Sir Leicester hace un gesto que es al mismo tiempo de aprobación y de confirmación. Muy correcto. Como el señor metalúrgico dijo que iba a hacerlo, estaba obligado a hacerlo. En este respecto no hay diferencia entre los metales comunes y los preciosos. Muy correcto.

—Y, dígame, ¿lo ha hecho él?

—Realmente, Lady Dedlock, no puedo darle una respuesta clara. Me temo que no. Probablemente todavía no. La gente de mi clase a veces añade a nuestros… caprichos una intención seria, lo cual hace que no resulten fácilmente renunciables. Creo que tenemos costumbres bastante tenaces.

Sir Leicester teme que esta expresión sea un poco Watt Tyleresca, y se irrita un tanto. El señor Rouncewell es perfectamente cortés y amable, pero dentro de esos límites es evidente que adapta su tono a la acogida de que ha sido objeto.

—Porque —continúa Milady— he estado pensando en este tema, que ya me está cansando.

—Lo lamento mucho, sinceramente.

—Y también en lo que dijo Sir Leicester al respecto, con lo cual estoy perfectamente de acuerdo (Sir Leicester se siente halagado), y si no nos puede usted dar la garantía de que se le ha pasado su capricho, he llegado a la conclusión de que lo mejor es que la muchacha se vaya de mi lado.

—No le puedo dar esa garantía, Lady Dedlock. En absoluto.

—Entonces es mejor que se vaya.

—Perdón, Milady —interrumpe cortésmente Sir Leicester—, pero es posible que con eso se haga un grave daño a la joven, daño que no se ha merecido. Se trata de una muchacha —dice Sir Leicester, que expone, magnífico, el asunto con la mano derecha, como si fuera un plato de comida— que ha tenido la fortuna de atraer la atención y el cariño de una dama eminente y de vivir, bajo la protección de esa dama eminente, rodeada de todas las ventajas que confiere una posición así, y que sin duda son muy grandes (le aseguro que sin duda son muy grandes, señor mío) para una joven de su condición. Entonces se plantea la cuestión: ¿debe esa joven verse privada de esas múltiples ventajas y de esa buena fortuna sencillamente porque haya atraído la atención del hijo del señor Rouncewell? Díganme, ¿merece ella ese castigo? ¿Es justo para con ella? ¿Es ése el entendimiento al que habíamos llegado anteriormente? —termina de decir Sir Leicester con una inclinación exculpatoria, pero digna, de la cabeza hacia el metalúrgico.

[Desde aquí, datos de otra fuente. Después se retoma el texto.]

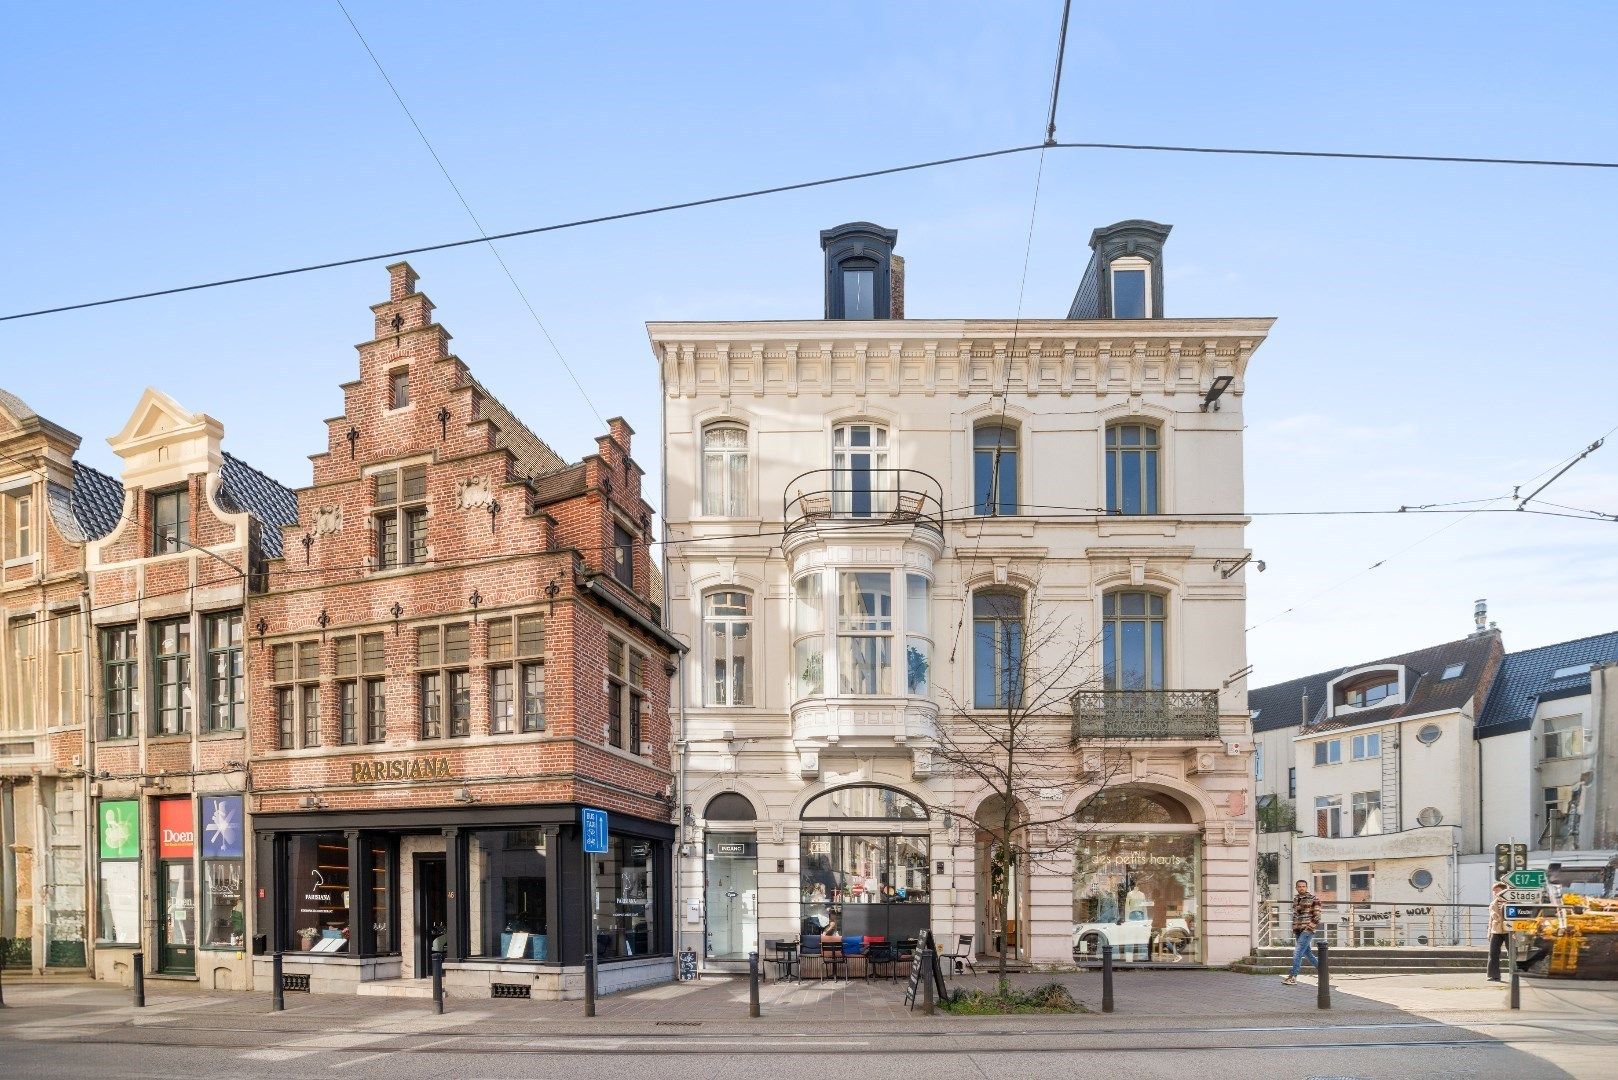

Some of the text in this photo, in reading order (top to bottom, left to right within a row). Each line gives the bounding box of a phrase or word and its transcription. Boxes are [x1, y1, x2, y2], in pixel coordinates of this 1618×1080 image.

—Con su permiso —interviene el padre del hijo del señor Rouncewell—. ¿Me permite, Sir Leicester? Creo que yo puedo abreviar la cuestión. Le ruego que no tenga ese aspecto en cuenta. Si recuerda usted algo de tan poca importancia (lo que no es de esperar), recordará que mi primera actitud en este asunto fue la de oponerme a que siguiera aquí ella.

¿No tener en cuenta la protección de los Dedlock? ¡Oh! Sir Leicester está obligado a dar crédito a un par de oídos que le han sido legados por una familia como la suya, pues de lo contrario quizá no diera crédito a lo que le hacen comprender las observaciones de ese señor de los metales.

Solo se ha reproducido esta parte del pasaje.